Problem details: Return every record verbatim, omitting all pictures.

══════════════════════════════

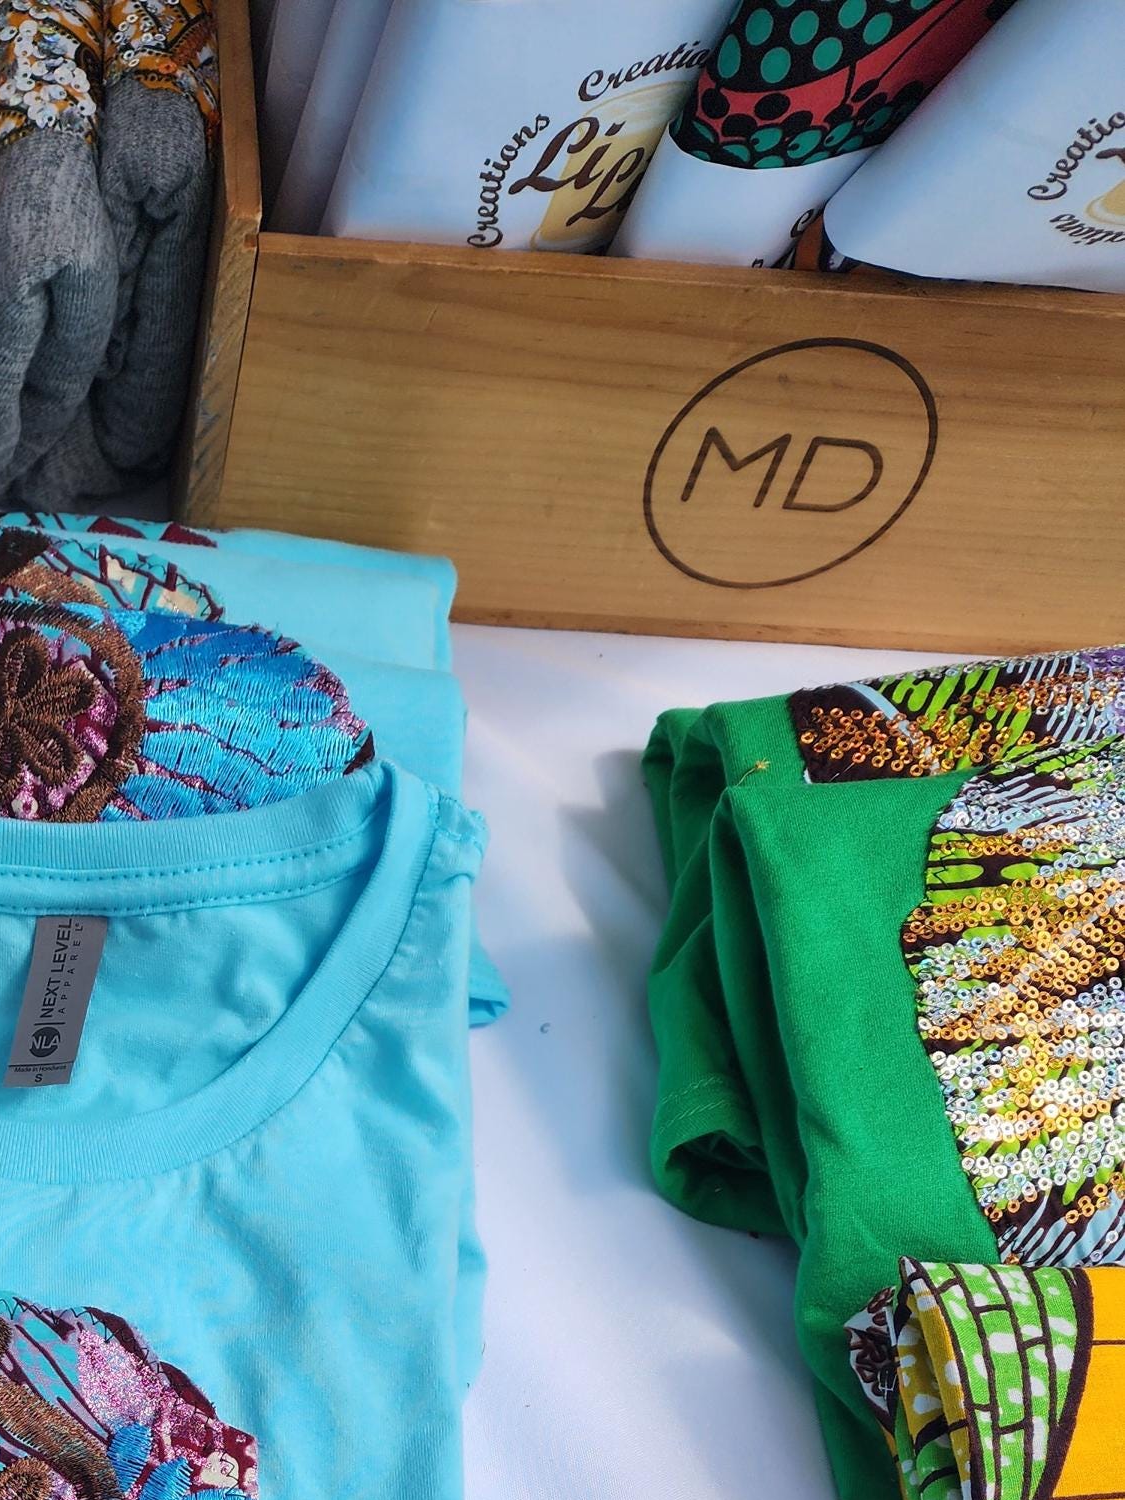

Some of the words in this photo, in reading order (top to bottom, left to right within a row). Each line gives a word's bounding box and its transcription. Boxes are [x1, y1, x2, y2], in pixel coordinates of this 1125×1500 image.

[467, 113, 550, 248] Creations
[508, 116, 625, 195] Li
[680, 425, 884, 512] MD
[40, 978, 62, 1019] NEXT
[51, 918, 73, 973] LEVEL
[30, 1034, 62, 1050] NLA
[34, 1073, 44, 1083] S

══════════════════════════════

Solution for this task:
Some of the words in this photo, in reading order (top to bottom, left to right within a row). Each line gives a word's bounding box and its transcription. Boxes are [x1, y1, x2, y2], in pixel coordinates of this 1125×1500 image.

[467, 113, 550, 248] Creations
[508, 116, 625, 195] Li
[680, 425, 884, 512] MD
[40, 978, 62, 1019] NEXT
[51, 918, 73, 973] LEVEL
[30, 1034, 62, 1050] NLA
[34, 1073, 44, 1083] S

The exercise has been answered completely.